> _Work to be completed_
Your task is to restate every entry below word for word and omit the images.

> _Records supplied_
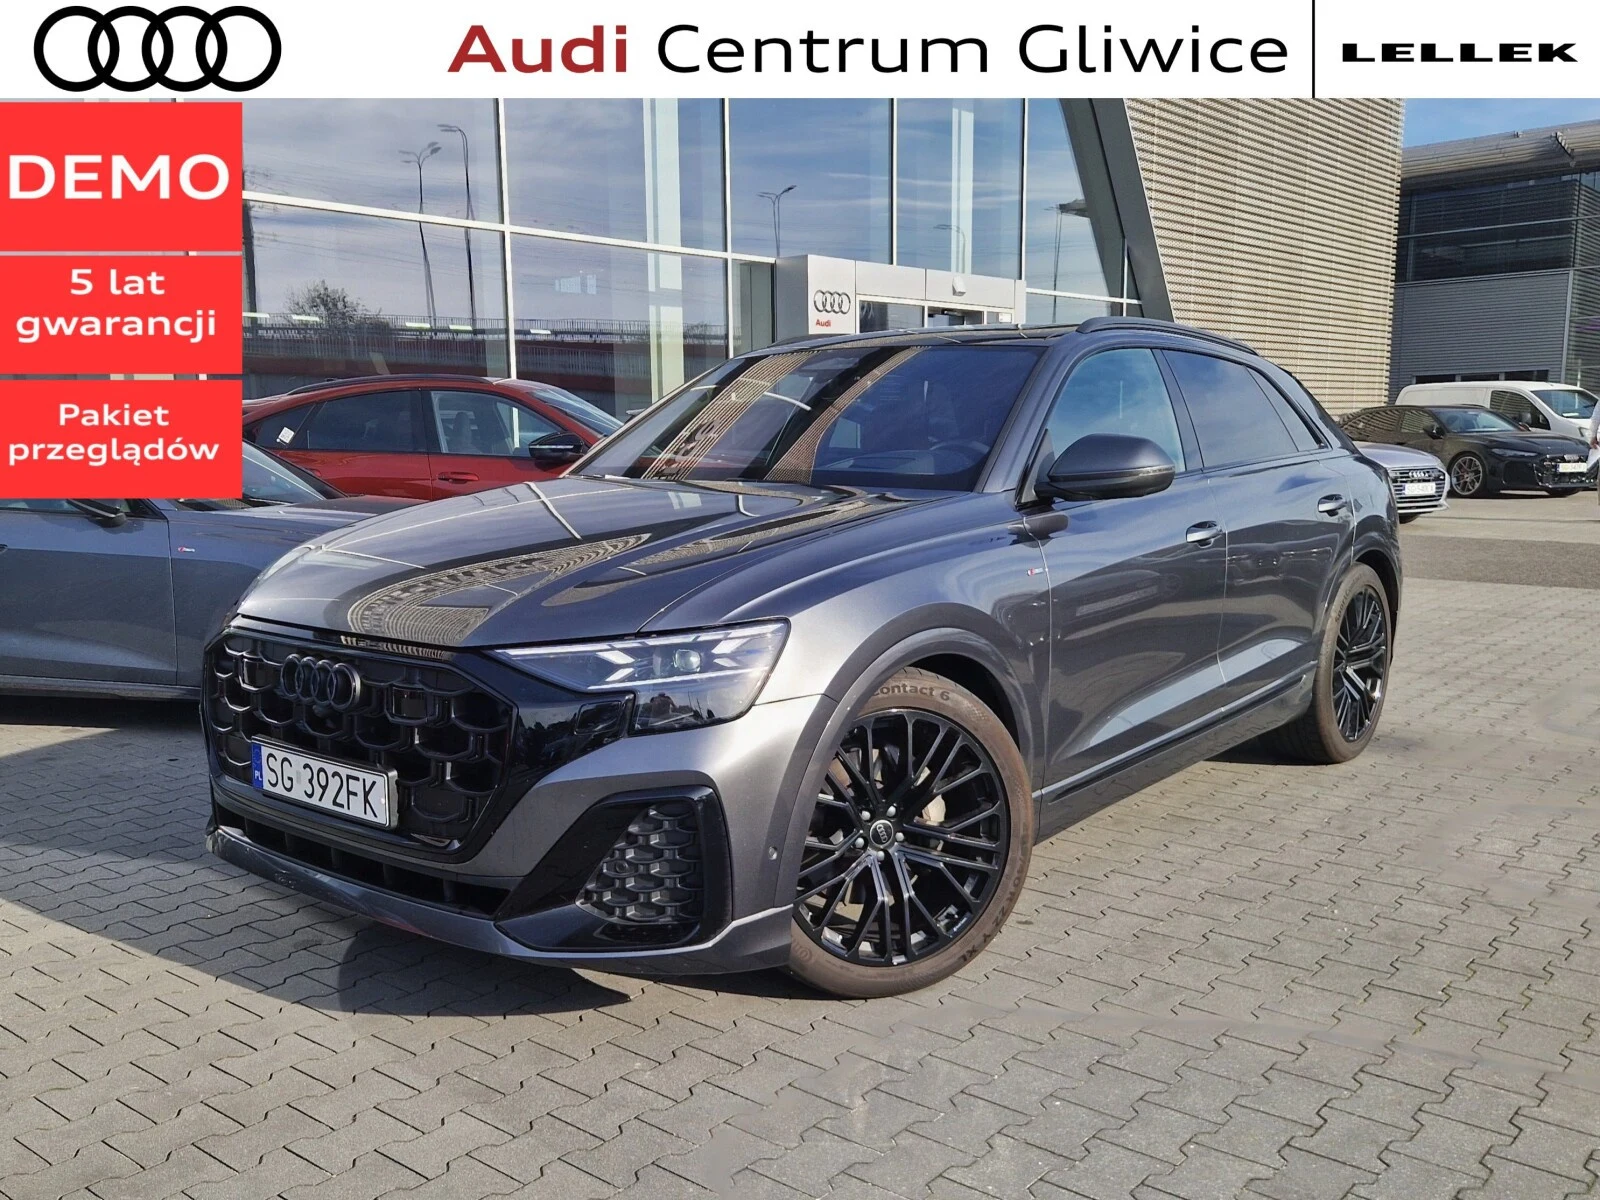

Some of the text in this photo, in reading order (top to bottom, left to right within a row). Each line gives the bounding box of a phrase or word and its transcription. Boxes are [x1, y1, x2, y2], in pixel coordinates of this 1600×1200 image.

[815, 318, 832, 328] Audi
[874, 683, 950, 701] ontact 6
[254, 770, 263, 781] PL
[266, 752, 378, 819] SG 392FK
[960, 944, 978, 962] XL

> _Task answer_
Some of the text in this photo, in reading order (top to bottom, left to right within a row). Each line gives the bounding box of a phrase or word and its transcription. Boxes are [x1, y1, x2, y2], in pixel coordinates of this 1600×1200 image.

[815, 318, 832, 328] Audi
[874, 683, 950, 701] ontact 6
[254, 770, 263, 781] PL
[266, 752, 378, 819] SG 392FK
[960, 944, 978, 962] XL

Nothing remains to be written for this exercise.